Goldman Sachs is reportedly considering throwing “tens of millions” at crypto firms
Coinhead
Coinhead
Bitcoin and crypto are dead. We know this, because we read that somewhere, plus we overheard a bloke in a pub saying it. Meanwhile, financial services titan Goldman Sachs is reportedly looking to spend tens of millions of dollars on crypto firms while they’re dirt cheap.
The implosion of the crypto exchange FTX has, according to Goldman Sachs head of digital assets Matthew McDermott, heightened the need for “more trustworthy, regulated cryptocurrency players” and, to that point, big banks have been spying an opportunity to pick up business in the space. And that means either through investing in, or actually buying up crypto-focused firms.
McDermott was speaking with Reuters and told the media outlet: “We do see some really interesting opportunities, priced much more sensibly,” adding that Goldman is doing its due diligence on “a number of different crypto firms”.
No details on which crypto companies in particular were revealed, however.
The Goldman exec also commented on the general crypto sentiment ever since Sam Bankman-Fried and co roiled the market.
“It’s definitely set the market back in terms of sentiment, there’s absolutely no doubt of that,” noted McDermott. “FTX was a poster child in many parts of the ecosystem. But to reiterate, the underlying technology continues to perform.”
Goldman Sachs reportedly earned US$21.6 billion last year, so a “tens of millions” punt on the crypto space is a drop in the ocean for the firm, really. Still, McDermott’s words indicate his firm still sees long-term opportunity in an industry and market that’s currently dealing with more flesh wounds than a one-episode Walking Dead character.
For their part during all this FTX mess, Goldman Sachs is actually feeling pretty good about themselves. According to McDermott, the firm’s trading volumes actually spiked as investors sought out the safety of services operating in a regulated market – as opposed to crypto’s relatively wild west.
“What’s increased is the number of financial institutions wanting to trade with us,” said McDermott. “I suspect a number of them traded with FTX, but I can’t say that with cast iron certainty.”

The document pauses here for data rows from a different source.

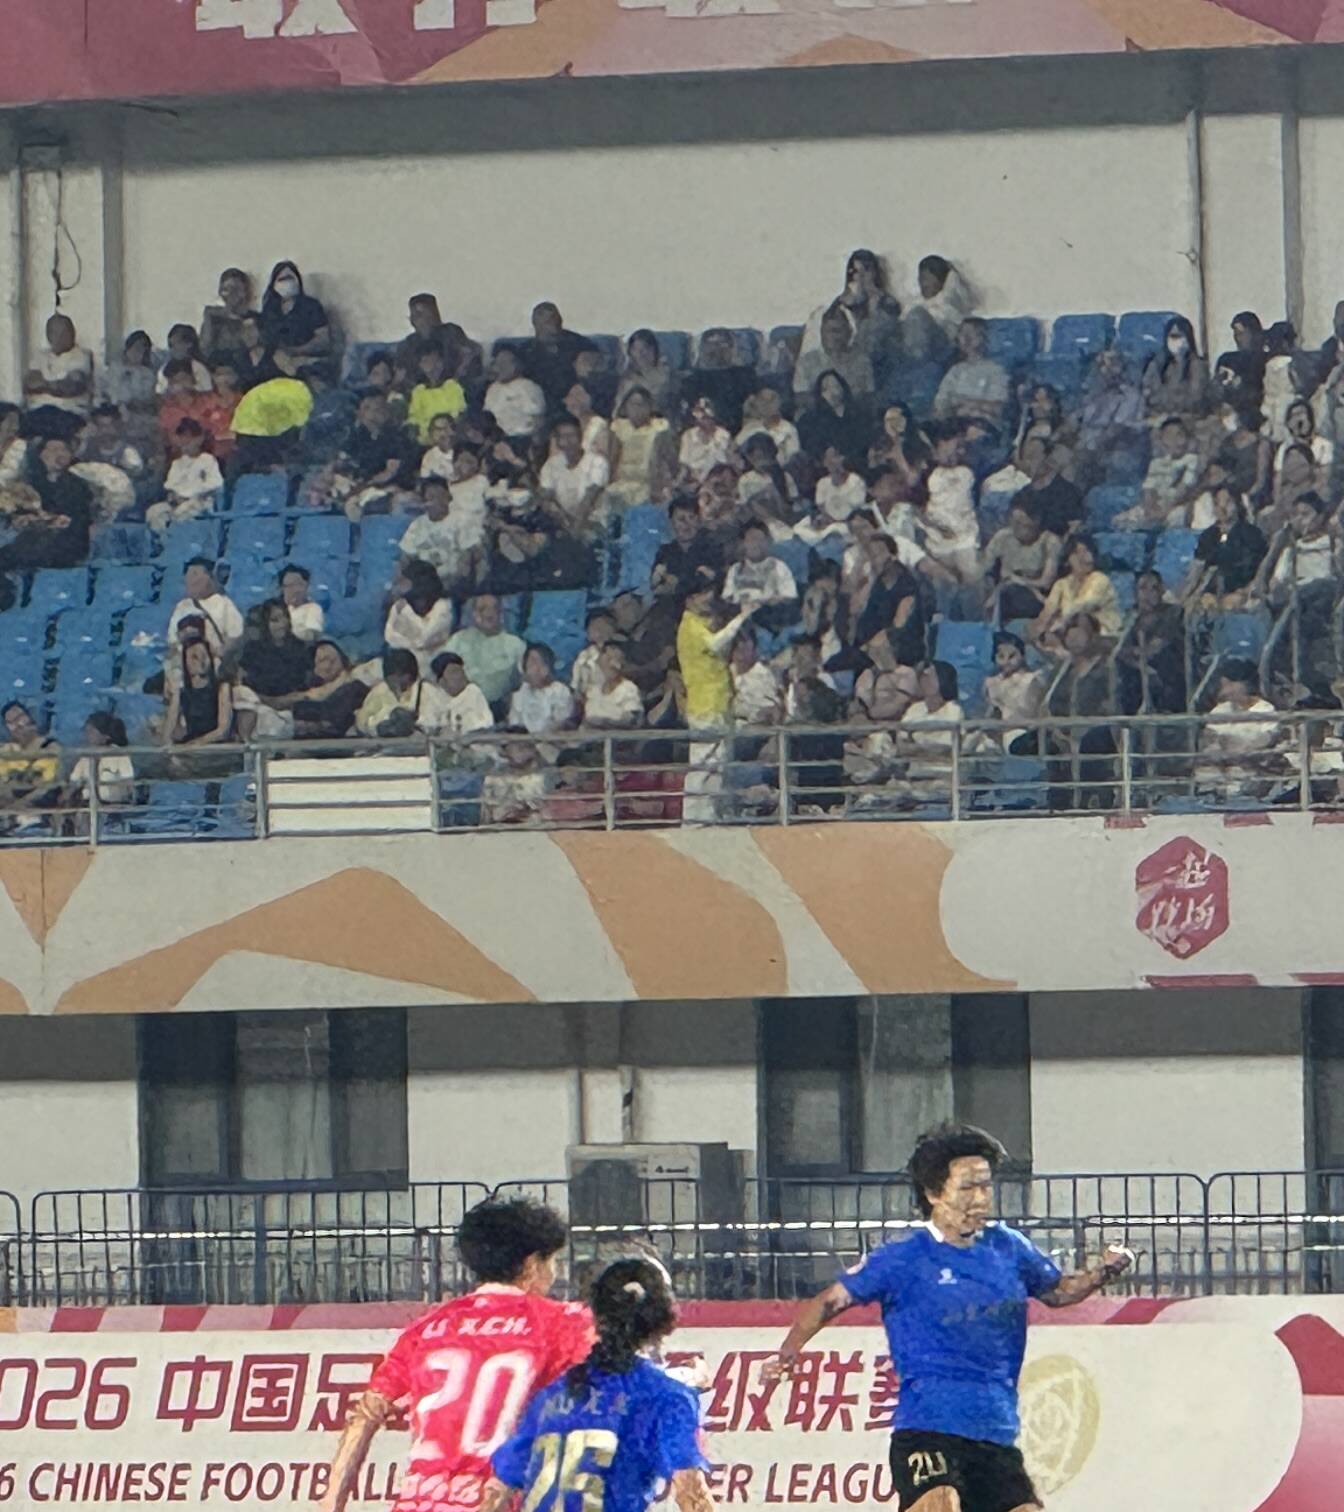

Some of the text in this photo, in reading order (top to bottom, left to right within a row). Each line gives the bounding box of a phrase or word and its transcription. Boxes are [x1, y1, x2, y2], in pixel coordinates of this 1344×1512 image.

[410, 1348, 535, 1460] 20
[29, 1462, 192, 1502] CHINESE
[201, 1462, 402, 1502] FOOTBLL
[765, 1463, 896, 1503] LEAGU
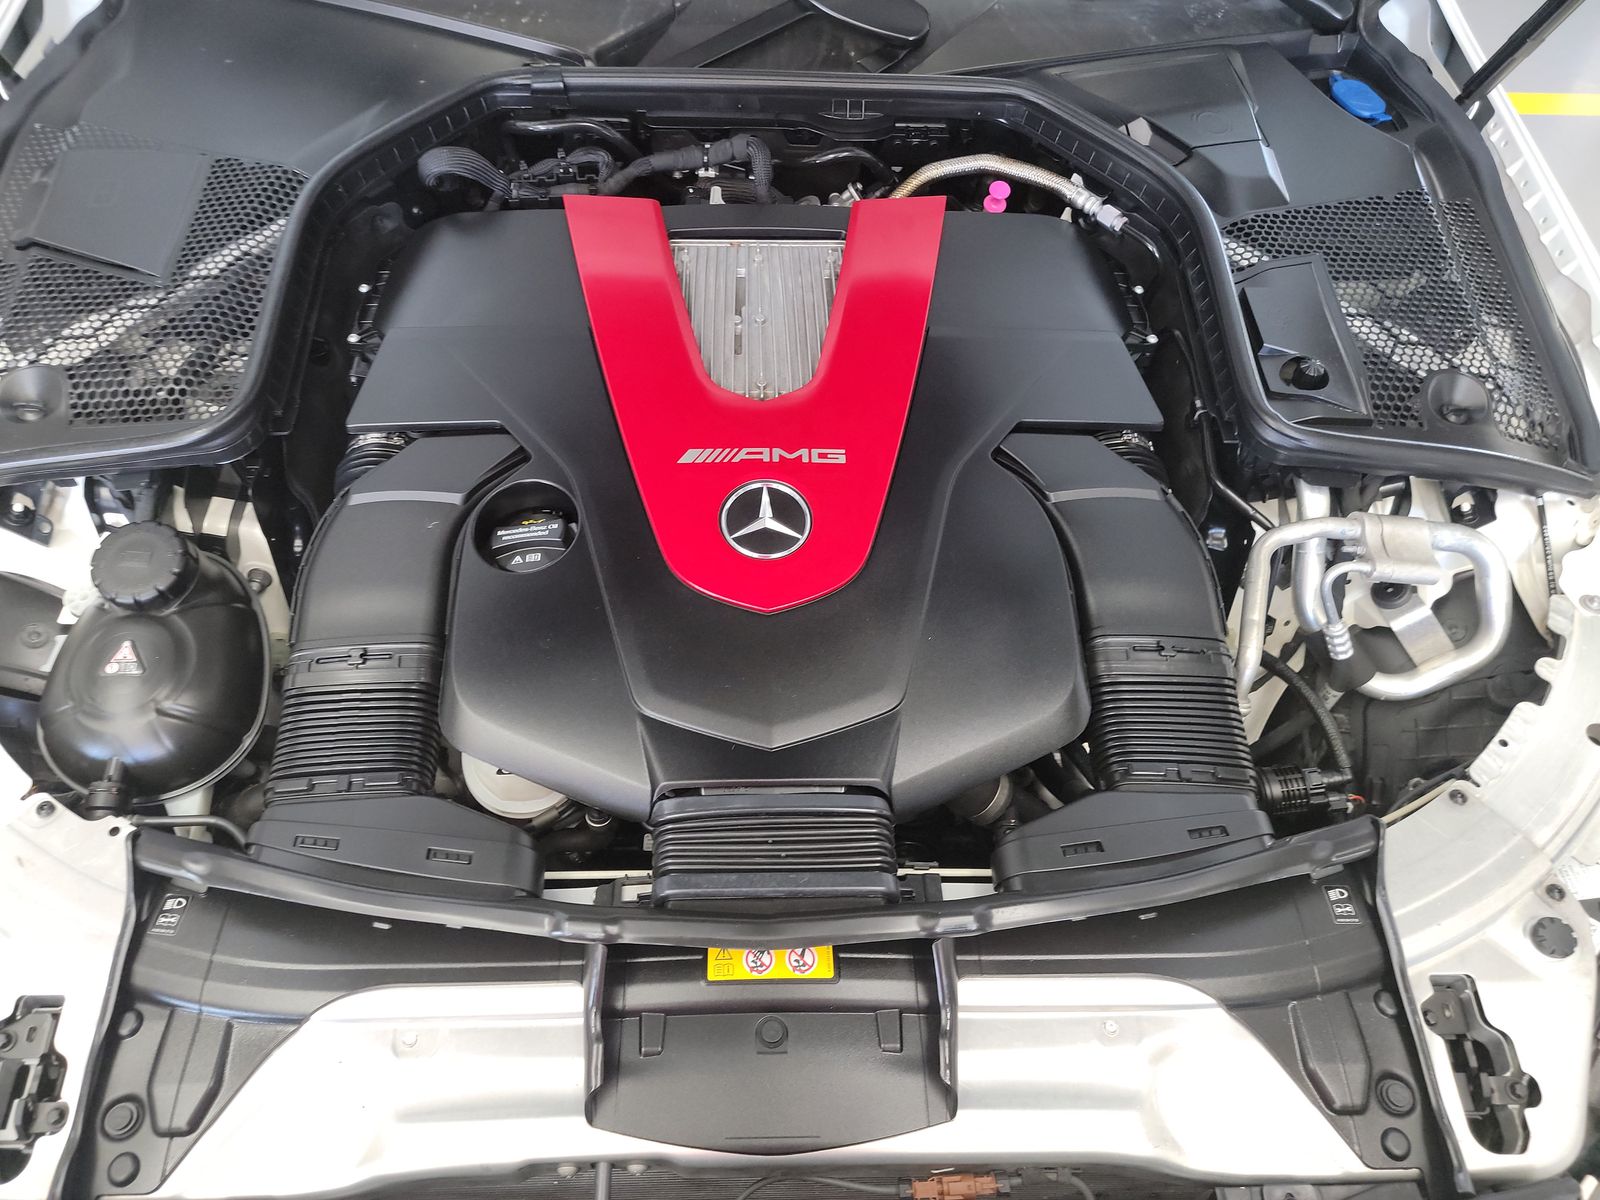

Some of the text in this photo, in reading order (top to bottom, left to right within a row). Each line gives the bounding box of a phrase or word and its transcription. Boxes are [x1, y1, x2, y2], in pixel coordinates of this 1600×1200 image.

[731, 447, 847, 464] AMG
[497, 525, 548, 535] Mercedes-Benz
[502, 530, 549, 540] recommended

The notion that the crypto industry has been set back years has been commonly touted since the FTX implosion, but here’s Kiwi on-chain data analyst Willy Woo with a slightly different view.

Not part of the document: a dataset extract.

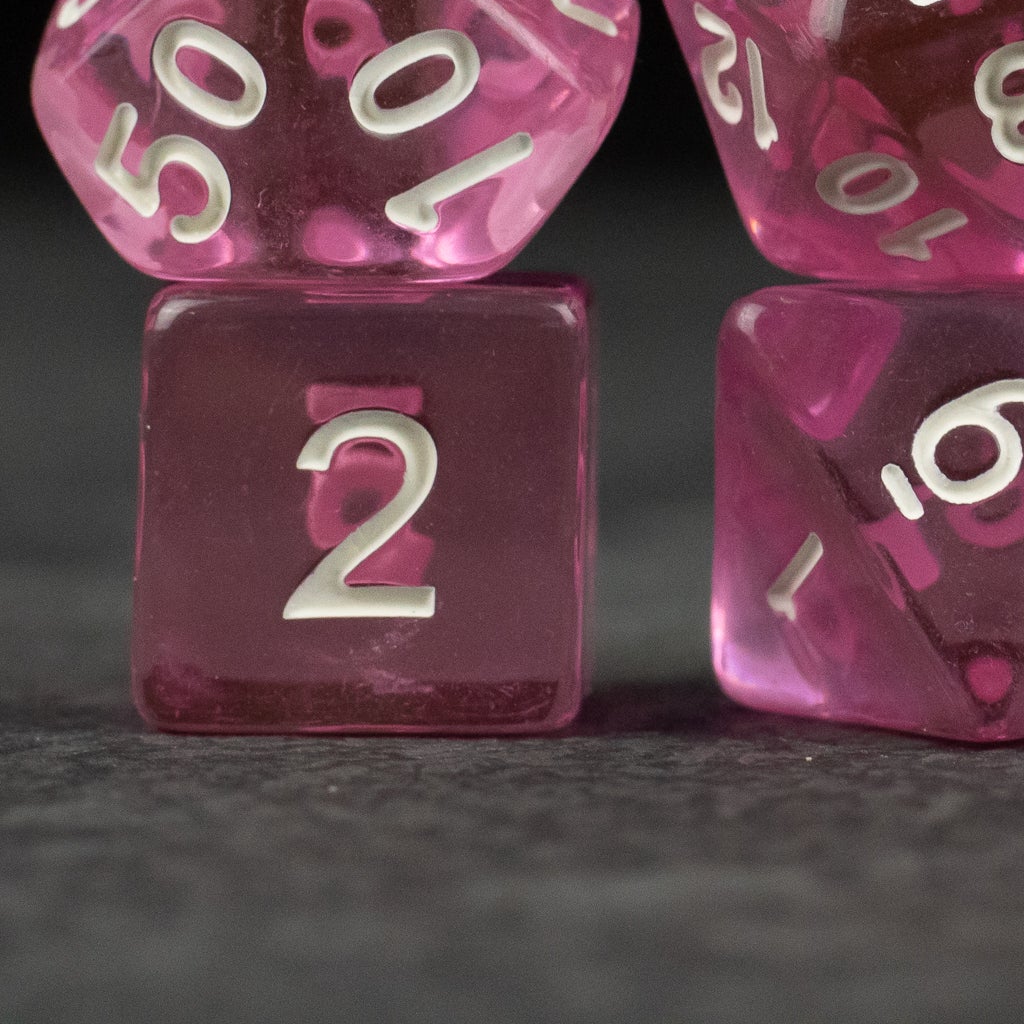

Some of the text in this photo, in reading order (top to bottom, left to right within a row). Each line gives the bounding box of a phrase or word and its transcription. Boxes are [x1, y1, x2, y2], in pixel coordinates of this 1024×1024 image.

[94, 19, 267, 244] 50
[349, 28, 534, 233] 10
[815, 152, 968, 261] 10
[283, 409, 438, 619] 2

After the FTX blow up many think it’s set the industry back many years, but this is contrary to the conversations I’ve had. TradFi capital allocators are seeing an opportunity to come in now. They see #Bitcoin and crypto is here to stay and it’s now been de-risked.

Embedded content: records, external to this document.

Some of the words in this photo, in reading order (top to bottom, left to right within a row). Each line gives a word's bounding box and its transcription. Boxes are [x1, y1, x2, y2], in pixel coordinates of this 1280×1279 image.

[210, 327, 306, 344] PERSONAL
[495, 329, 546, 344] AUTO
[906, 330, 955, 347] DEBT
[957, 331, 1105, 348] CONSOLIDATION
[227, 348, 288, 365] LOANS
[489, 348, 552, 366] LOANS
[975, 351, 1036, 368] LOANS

— Willy Woo (@woonomic) December 6, 2022
TradFi in this instance means HNW investors free from regulatory restrictions on mainstream retail. This is where we are right now for the bulk of TradFi capital.
BTW, obviously a decent chunk of retail is already here, #Bitcoin flipped the status quo.
— Willy Woo (@woonomic) December 6, 2022
Ryan Selkis, a Bitcoin and crypto OG and co-founder of the crypto data research company Messari, also posted a relevant, interesting tweet earlier today. Wonder if Coinbase is one of the companies on Goldman Sachs’ wishlist…
*I need to re-read the 10-K, but Coinbase has dual class shares and Brian has a supermajority on voting, so hostile takeover attempts would be unlikely to succeed, but still theoretically possible if combined with other issues and a prolonged downturn.